24. Though the creation and destruction of the world, be indifferent to me; yet its continuation in the primordial order, is of much concern to others, if not to my insusceptible self.
25. Whatever is alike in its existence and inexistence, is the same also in both its gain and loss (to the indifferent soul). Any effort for having any thing is mere foolishness; since addition and subtraction presuppose one another. (Gain is the supplying of want, and want is the privation of gain).
26. I shall therefore hasten to the infernal region, and awaken the Daitya prince to the sense of his duty; and then will I resume my calmness, and not play about on the stage of the world like the ignorant. (The sapient God is silent; but foolish souls are turbulent).
27. I will proceed to the city of the Asuras amidst their tumultuous violence, and rouse the Daitya prince as the sunshine raises the drooping lotus; and I shall bring the people to order and union, as the rainy season collects the fleeting clouds on the summits of mountains.
CHAPTER XXXIX.
ADMONITIONS OF HARI TO PRAHLÁDA.
Argument.

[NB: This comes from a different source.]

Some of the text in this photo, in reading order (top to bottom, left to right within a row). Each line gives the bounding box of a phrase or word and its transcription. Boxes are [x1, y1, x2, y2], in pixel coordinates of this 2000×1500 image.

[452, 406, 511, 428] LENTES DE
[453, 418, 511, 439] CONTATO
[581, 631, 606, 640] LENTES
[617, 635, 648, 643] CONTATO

Hari enters into the Daitya city, blows his conch-shell, and directs Prahláda to reign and rule over his realm.
Vasishtha continued:—Thinking thus within himself, Hari started from his abode in the Milky Ocean with his companions, and moved like the immovable Mandara mountain with all its accompaniments.
2. He entered the city of Prahláda resembling the metropolis of Indra, by a subterranean passage lying under the waters of the deep. (This passage, says the gloss, leads to the sweta dwípa or white island of Albion—Britain; but literally it means the underground passage of waters).

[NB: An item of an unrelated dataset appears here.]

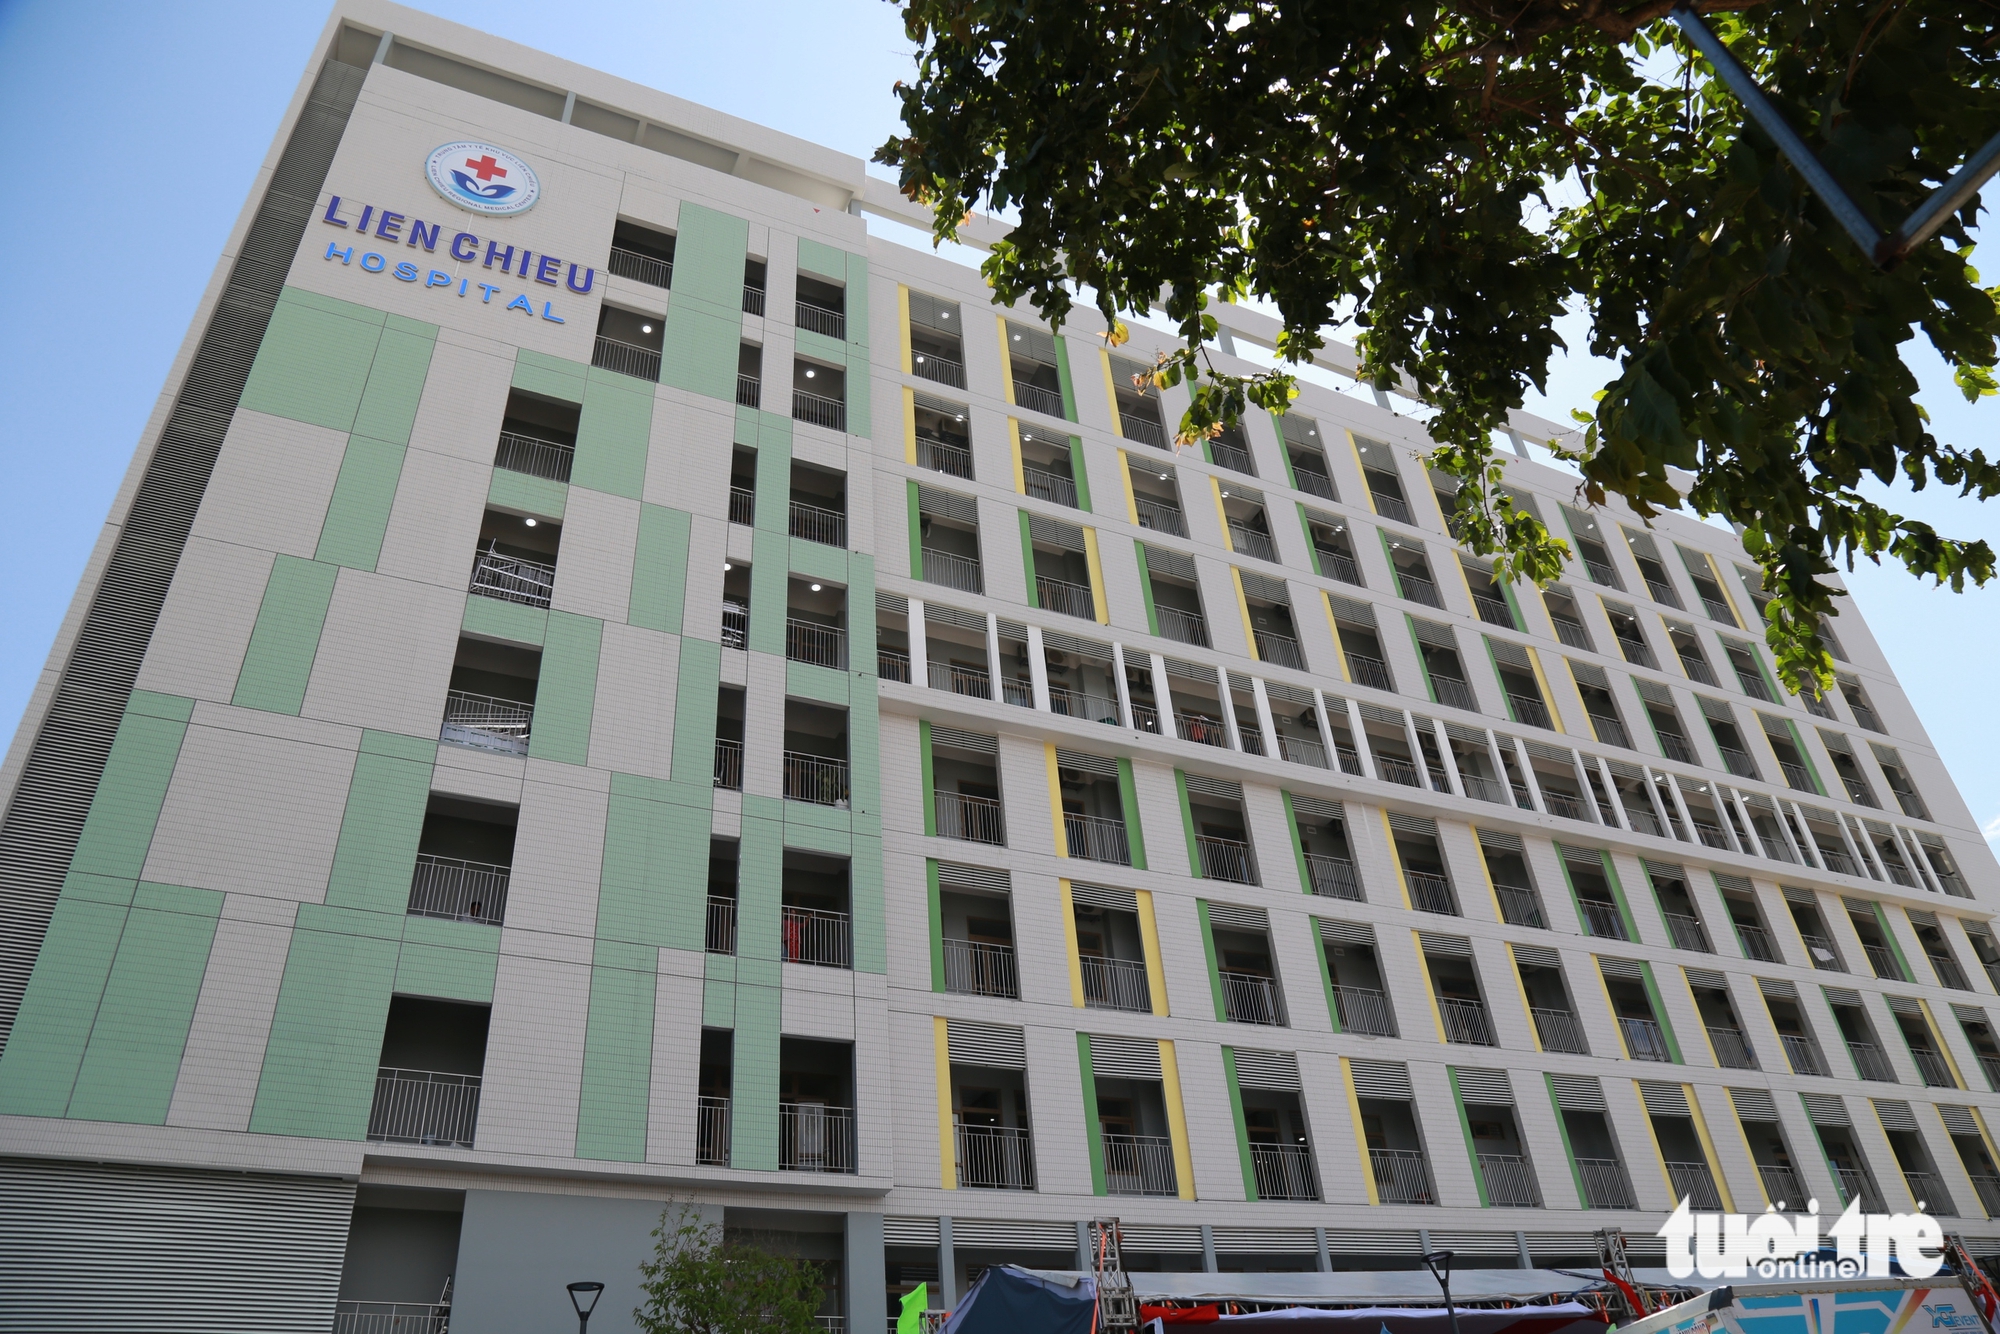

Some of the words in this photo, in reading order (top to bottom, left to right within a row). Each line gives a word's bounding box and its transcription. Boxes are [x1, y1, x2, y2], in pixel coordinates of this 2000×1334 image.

3. He found here the prince of the Asuras, sitting under a golden dome in his hypnotic trance, like Brahmá sitting in his meditative mood in a cavern of the Sumeru mountain. (This shows Brahmá the progenitor of mankind or of the Aryan Brahmanic race, to have been a mountaineer of the Altai or N. polar ranges, called Sumeru contra Kumeru—the S. pole).
4. There the Daityas being tinged in their bodies, by the bright rays of Vishnu’s person, fled far away from him, like a flock of owls from the bright beams of the rising sun. (The Daityas are night rovers or nisa charas, and cannot maintain their ground at sun rise).